Location
- Nome, Alaska United States

District information
- Grades: PK–12
- Superintendent: Jamie Burgess
- Budget: $14,500,000
- NCES District ID: 0200570

Students and staff
- Students: 672
- Teachers: 49.07
- Staff: 27.8
- Student–teacher ratio: 13.69

Other information
- Schedule: August–May
- Website: www.nomeschools.org

= Nome Public Schools =

School district in Alaska, United States

Nome Public Schools (NPS), also known as the Nome City School District, is the school district serving the city of Nome, Alaska. The district has one of the highest efficiencies in Western Alaska. The current superintendent of the district is Jamie Burgess.

Though public schools have existed in Nome since 1902, the present-day school district exists mostly to fulfill the obligation that first-class cities in the Unorganized Borough have under state law to provide education and planning/zoning functions within their cities. As such, it is separate from the Bering Strait School District which serves the smaller communities of the surrounding area.

NPS oversees five schools: two traditional grade-based schools (one for elementary grades and one for junior and senior high school grades), plus a charter magnet school, and a correspondence program. The school program located in Nome Youth Facility was closed on July 14, 2019 and no longer serves the community as an educational institution. These four schools have a total enrollment of approximately 720 students, with enrollment per school ranging from 15 to 375.

==History==
The district's lineage extends to the establishment of the City of Nome in 1901.

The first local school in Nome was officially established in 1902.
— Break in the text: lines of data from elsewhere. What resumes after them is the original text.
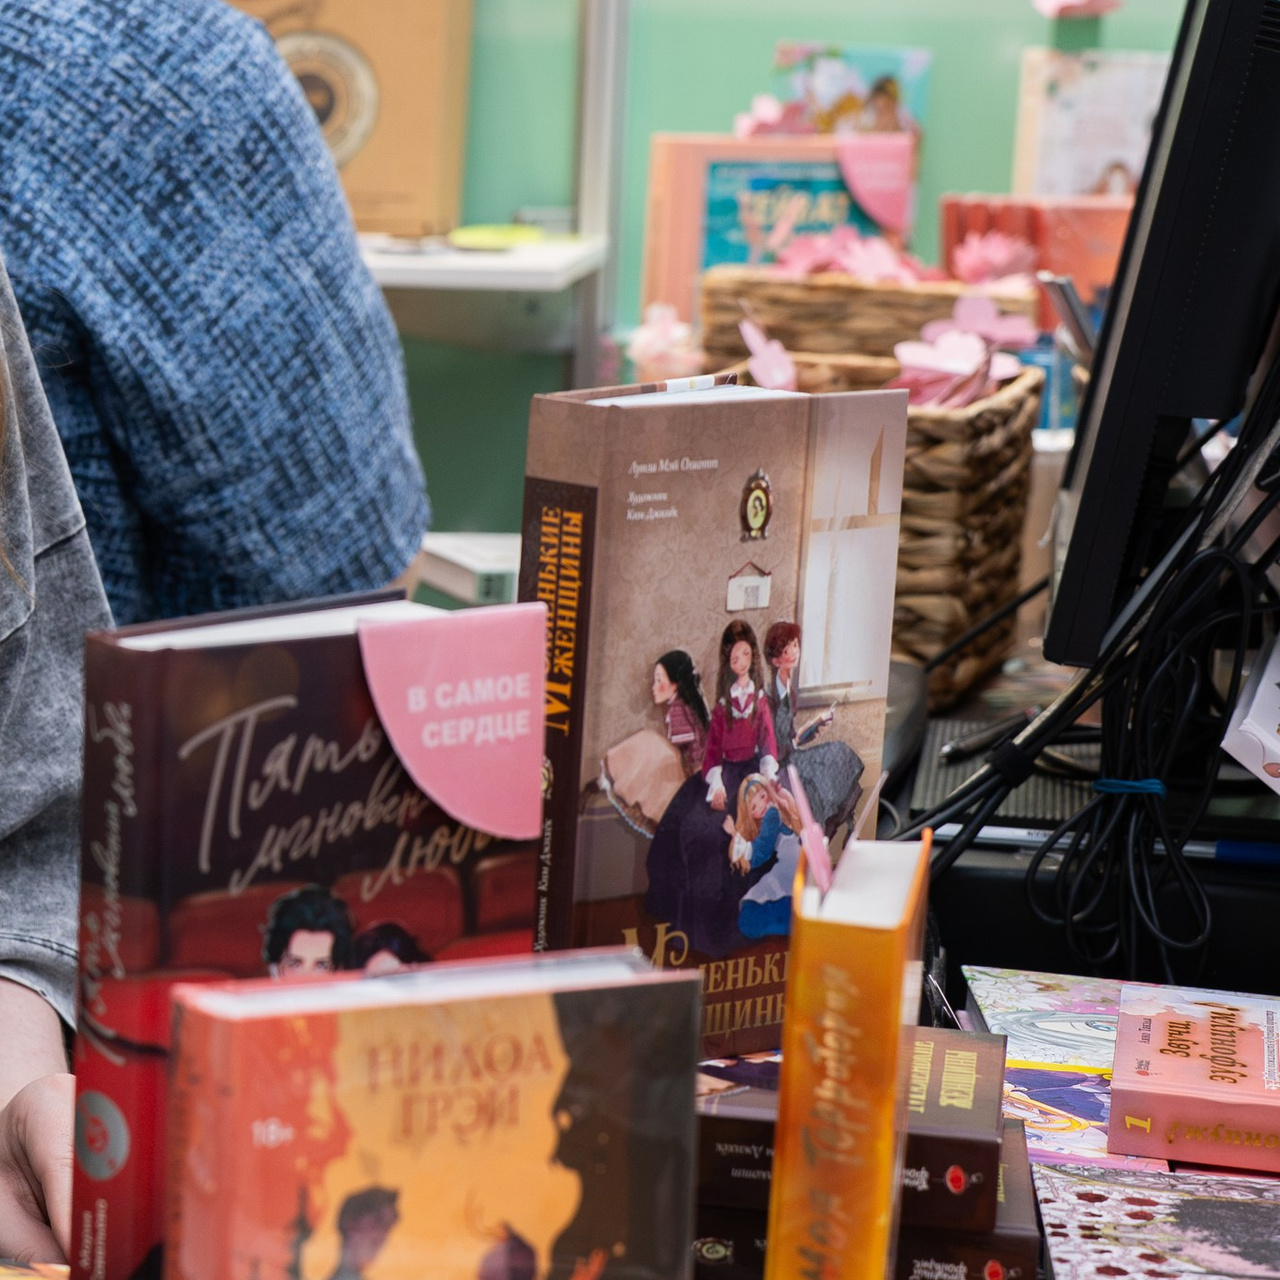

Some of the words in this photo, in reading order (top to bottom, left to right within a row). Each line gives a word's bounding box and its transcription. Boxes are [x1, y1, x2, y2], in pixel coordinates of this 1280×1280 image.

[553, 510, 584, 678] ЖЕНЩИНЫ
[407, 685, 428, 713] В
[435, 672, 532, 709] САМОЕ
[423, 710, 532, 749] СЕРДЦЕ
[178, 695, 382, 874] Пять
[230, 758, 432, 897] мгновен
[1160, 1020, 1198, 1058] Звучи,
[1194, 1001, 1247, 1083] эуфониум!
[1125, 1115, 1152, 1134] 1
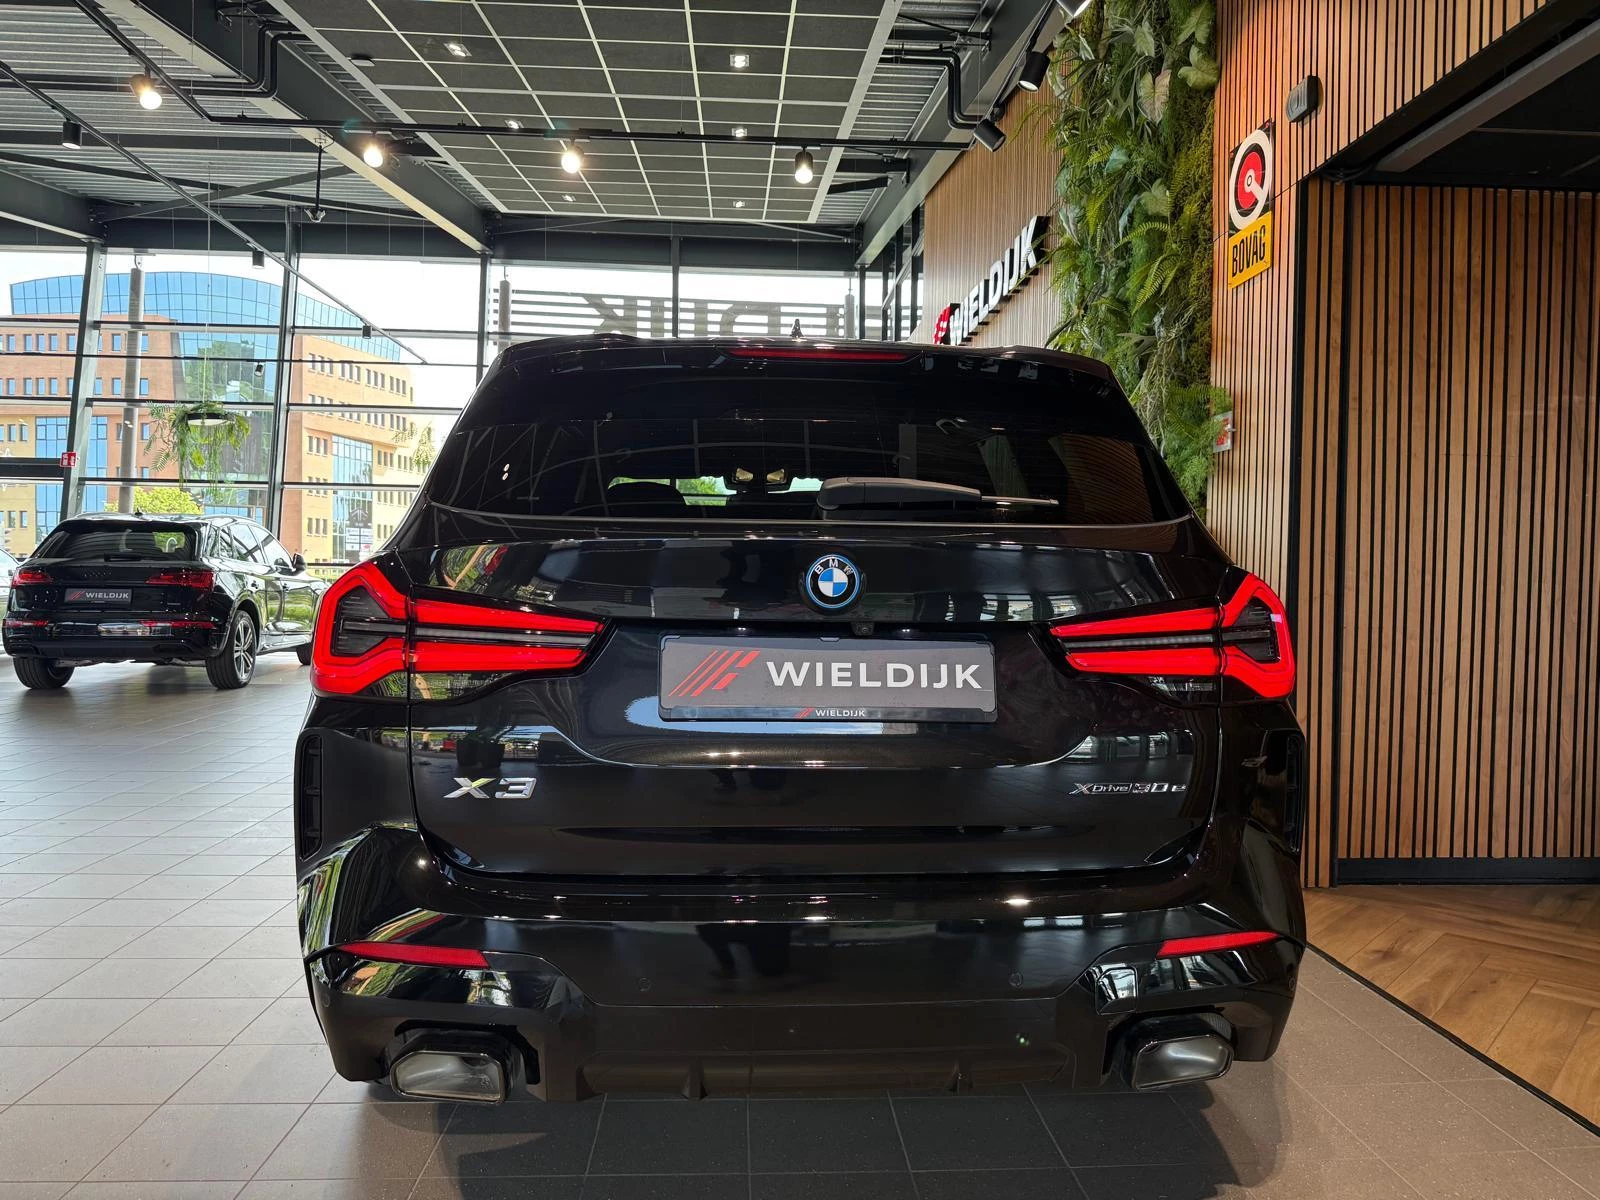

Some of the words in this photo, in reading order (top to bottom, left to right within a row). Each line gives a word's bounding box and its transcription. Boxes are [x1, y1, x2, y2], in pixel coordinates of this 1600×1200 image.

[1231, 224, 1266, 278] BOVAG
[948, 215, 1038, 346] WIELDIJK
[814, 558, 854, 576] BMW
[766, 661, 982, 689] WIELDIJK
[815, 709, 866, 717] WIELDIJK
[443, 777, 537, 799] X3
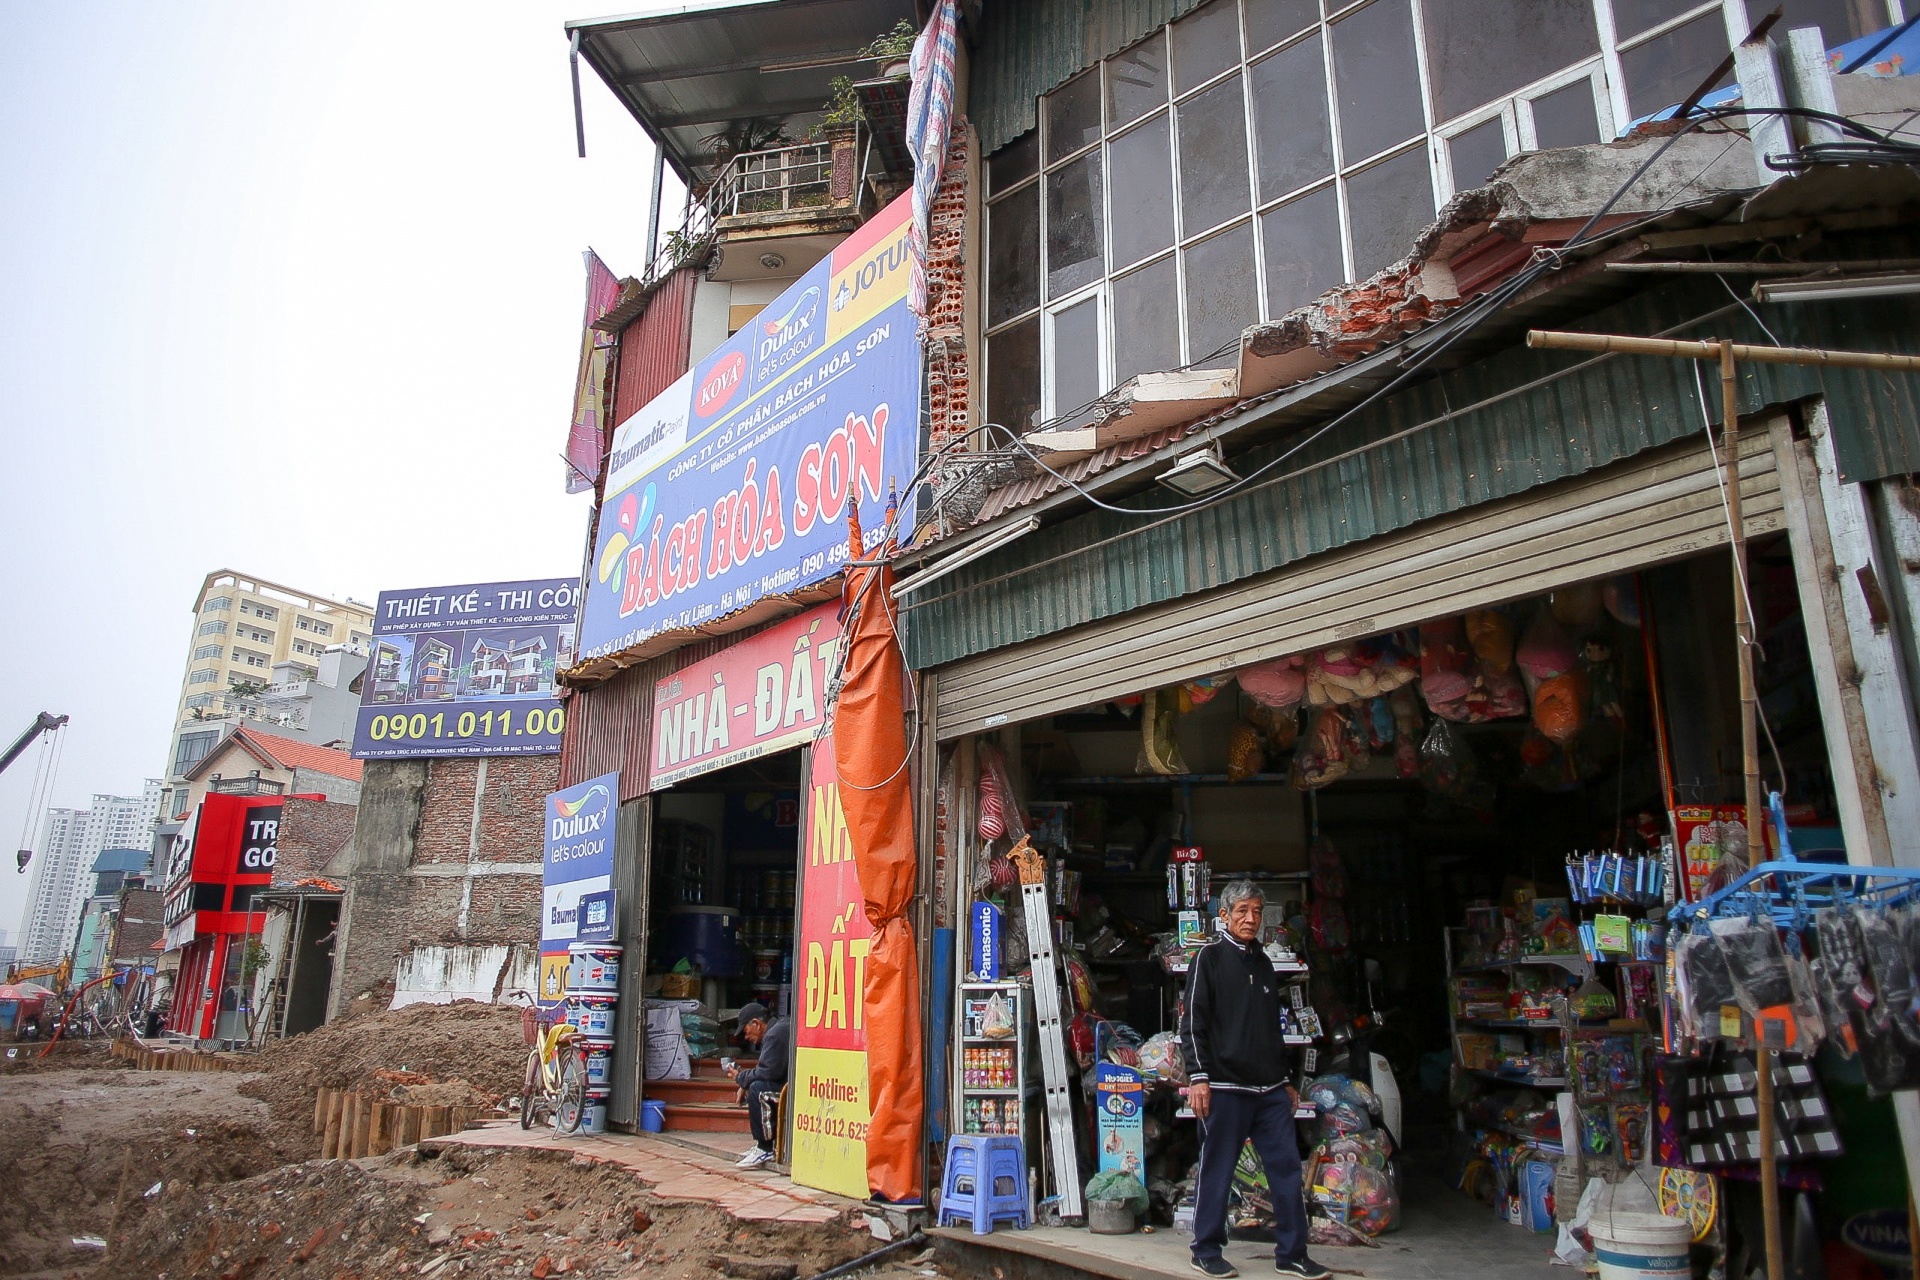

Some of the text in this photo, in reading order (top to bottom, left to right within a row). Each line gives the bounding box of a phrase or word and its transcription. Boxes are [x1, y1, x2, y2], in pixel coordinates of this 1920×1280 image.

[757, 330, 815, 382] let's colour
[760, 311, 810, 362] Dulux
[667, 454, 698, 482] CÔNG
[700, 441, 715, 461] TY
[717, 421, 735, 449] CỔ
[736, 404, 771, 437] PHẦN
[774, 373, 814, 411] BÁCH
[818, 349, 851, 382] HÓA
[855, 322, 890, 357] SƠN
[610, 419, 667, 476] Baumatic
[710, 450, 737, 475] Website:
[738, 393, 827, 457] www.bachhoason.com.vn
[619, 402, 889, 619] BÁCH HÓA SƠN
[385, 591, 446, 618] THIẾT
[449, 588, 480, 614] KẾ
[497, 589, 533, 611] THI
[662, 613, 677, 630] Bắc
[680, 610, 692, 627] Từ
[692, 603, 713, 623] Liêm
[721, 590, 733, 611] Hà
[735, 583, 751, 606] Nội
[761, 565, 800, 594] Hotline:
[802, 551, 824, 577] 090
[826, 540, 850, 565] 496
[392, 622, 409, 631] PHÉP
[409, 620, 422, 629] XÂY
[422, 620, 441, 629] DỰNG
[513, 613, 533, 623] CÔNG
[550, 612, 568, 621] TRÚC
[658, 671, 730, 769] NHÀ
[754, 617, 841, 738] ĐẤT
[551, 837, 606, 863] let's colour
[552, 812, 600, 841] Dulux
[812, 781, 857, 867] NH
[805, 902, 871, 1030] ĐẤT
[979, 906, 991, 980] Panasonic
[809, 1075, 858, 1103] Hotline:
[797, 1113, 869, 1141] 0912 012 625
[1647, 1257, 1678, 1269] valspar
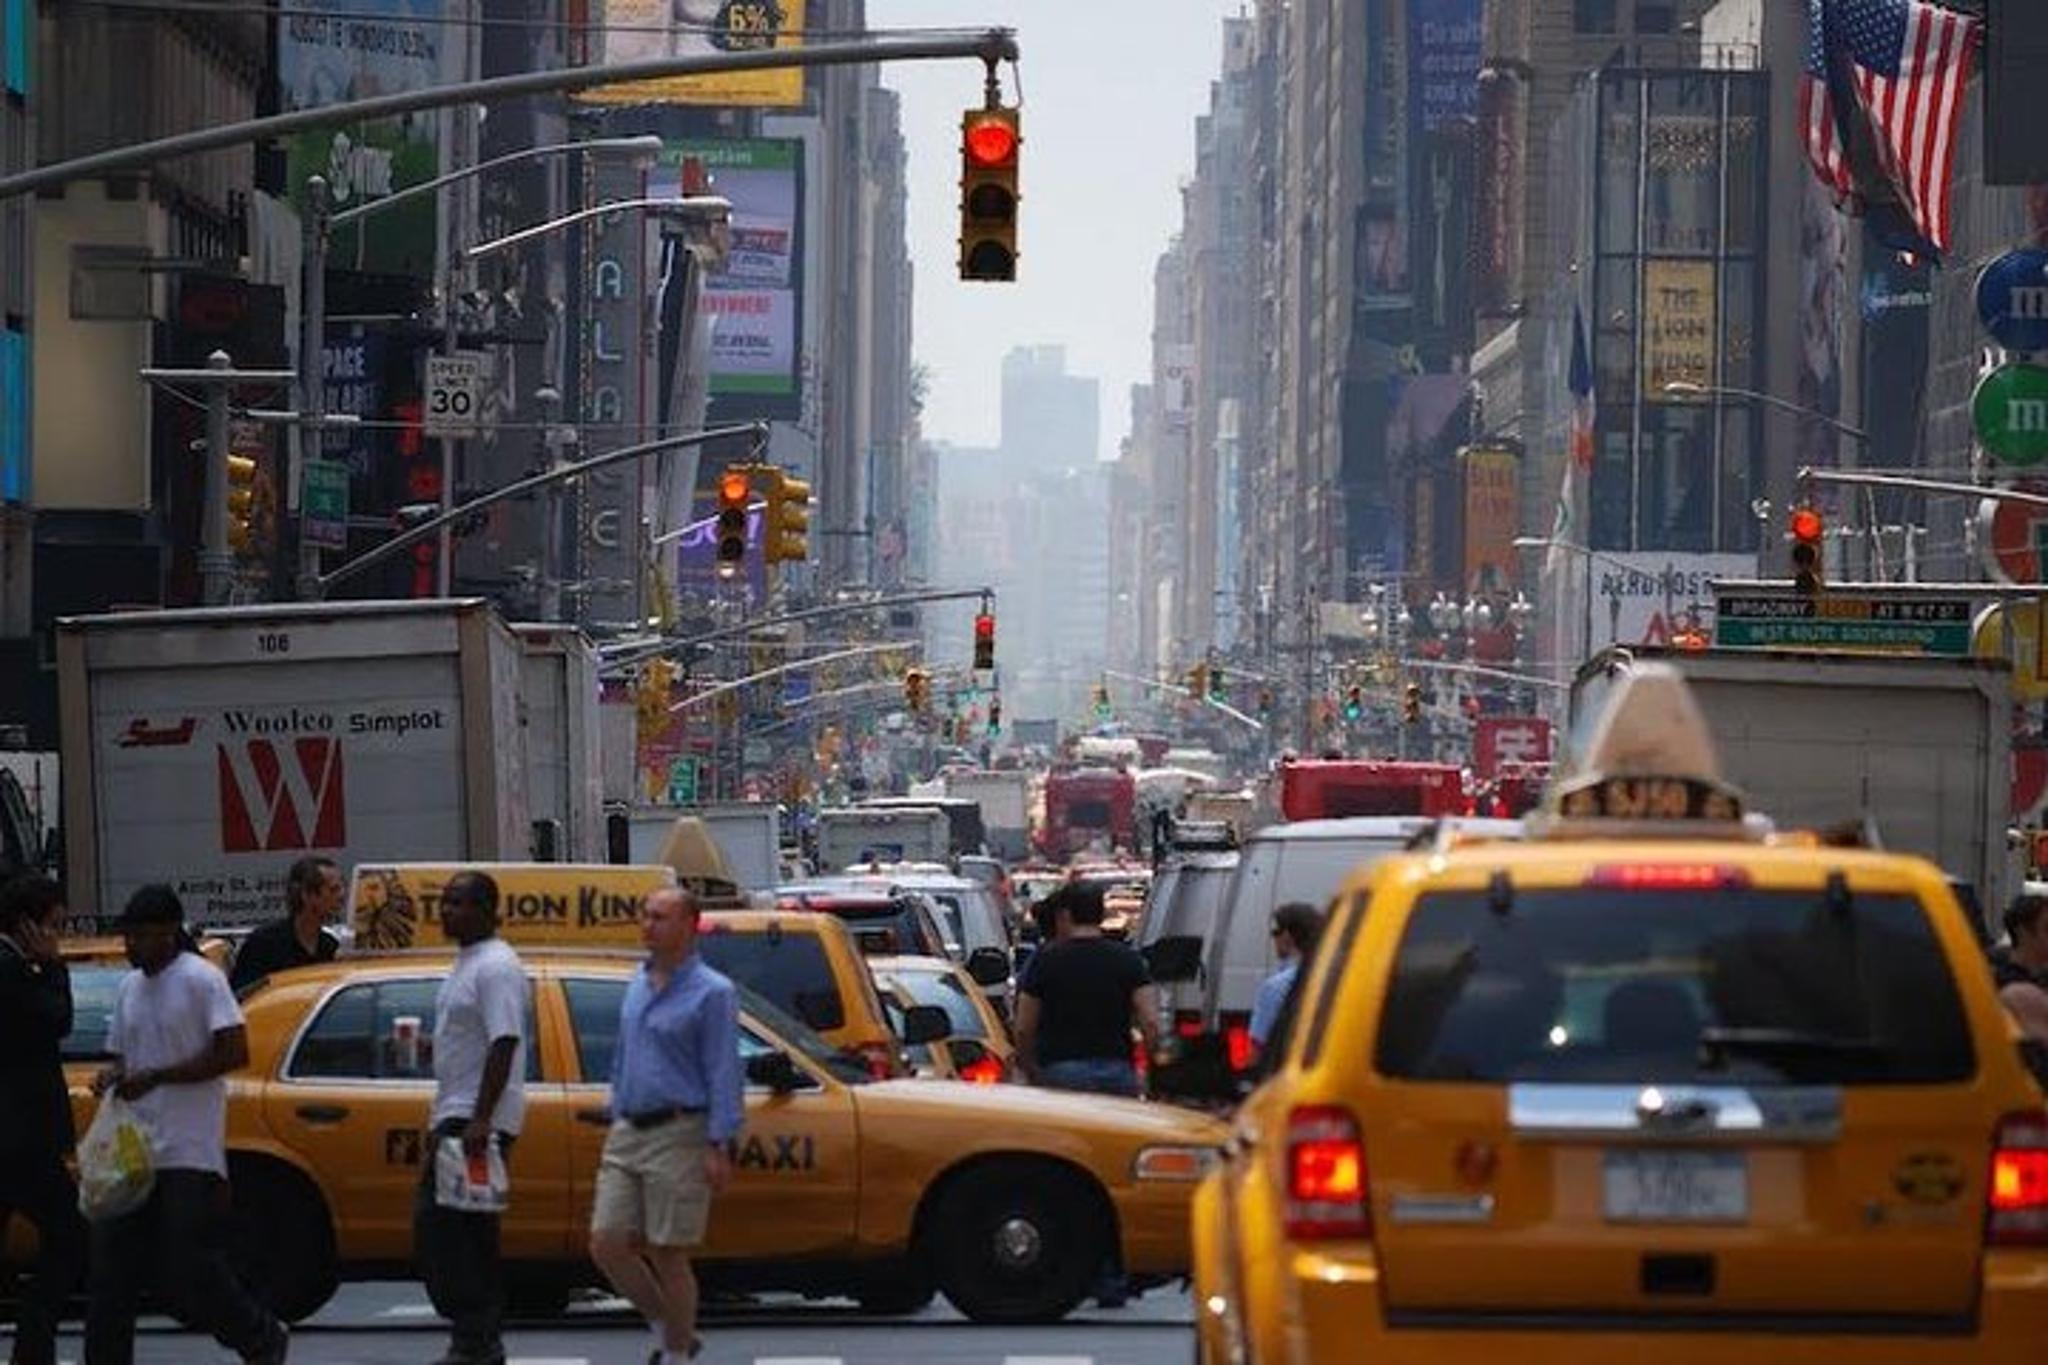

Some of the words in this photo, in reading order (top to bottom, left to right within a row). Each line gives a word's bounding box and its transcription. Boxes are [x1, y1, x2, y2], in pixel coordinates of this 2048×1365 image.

[730, 4, 769, 34] 6%
[2010, 286, 2048, 319] m
[431, 362, 476, 374] SPEED
[434, 377, 469, 387] LIMIT
[432, 388, 471, 415] 30
[2008, 400, 2047, 431] m
[257, 634, 289, 652] 106
[222, 708, 333, 733] Woolco
[349, 708, 443, 736] Simplot
[503, 894, 568, 925] ION
=== Historic Superintendent List ===

| Superintendent | Year |
|---|---|
| James A. Riley | 1901–1902 |
| Will Henry | 1902–1903 |
| D. W. Jarvis | 1903–1905 |
| Professor D.H. Traphagen | 1905–1907 |
| Professor Edgar E. Grimm | 1907–1911 |
| Frank Xavier Karrer | 1911–1914 |
| C.W. Baird | 1914–1916 |
| Charles W. Thompson | 1916–1918 |
| Emma Lee Orr | 1918–1920 |
| Mrs. Frederick Bockman | 1920–1921 |
| T. Collins | 1921–1922 |
| Lars E. Rynning | 1922–1925 |
| D.W. Davis | 1925–1926 |
| Leo W. Breuer | 1926–1928 |
| Luther Dunbar | 1928–1930 |
| E.J. Beck | 1930–1934 |
| William H. Bloom | 1934–1936 |
| Calvin E. Pool | 1936–1939 |
| A.A. Ryan | 1939 |
| Frank Allen Smola | 1944 |
| William L. Angell | 1944–1951 |
| Oliver G. Boe | 1951–1952 |
| William L. Angell | 1952–1959 |
| Ira Alley | 1970-1972 |
| Darroll Hargraves | 1974–1981 |
| Larry LaBolle | 1981–1987 |
| Robert Shigley | 1987–1989 |
| Donald Darling | 1989–1990 |
| Larry LaBolle/Bob Kinna | 1990–1991 |
| Bob Kinna | 1991–1999 |
| Karen Ligon | 1999–2000 |
| Sharon Swope | 2000–2001 |
| Stan Lujan | 2001–2008 |
| Rick Luthi | 2008–2009 |
| Jon Wehde | 2009–2011 |
| Mike Brawner | 2011–2013 |
| Steve Gast | 2013–2014 |
| Shawn Arnold | 2014–2018 |
| Bill Schildbach | 2018–2019 |
| Jamie Burgess | 2019–Present |

==Schools==
- Anvil City Science Academy, a 5–8 charter, is also part of the school district.
- Extensions Correspondence School
- Nome-Beltz Junior/Senior High School, serves grades 6–12.
- Nome Elementary School, serves grades K-5.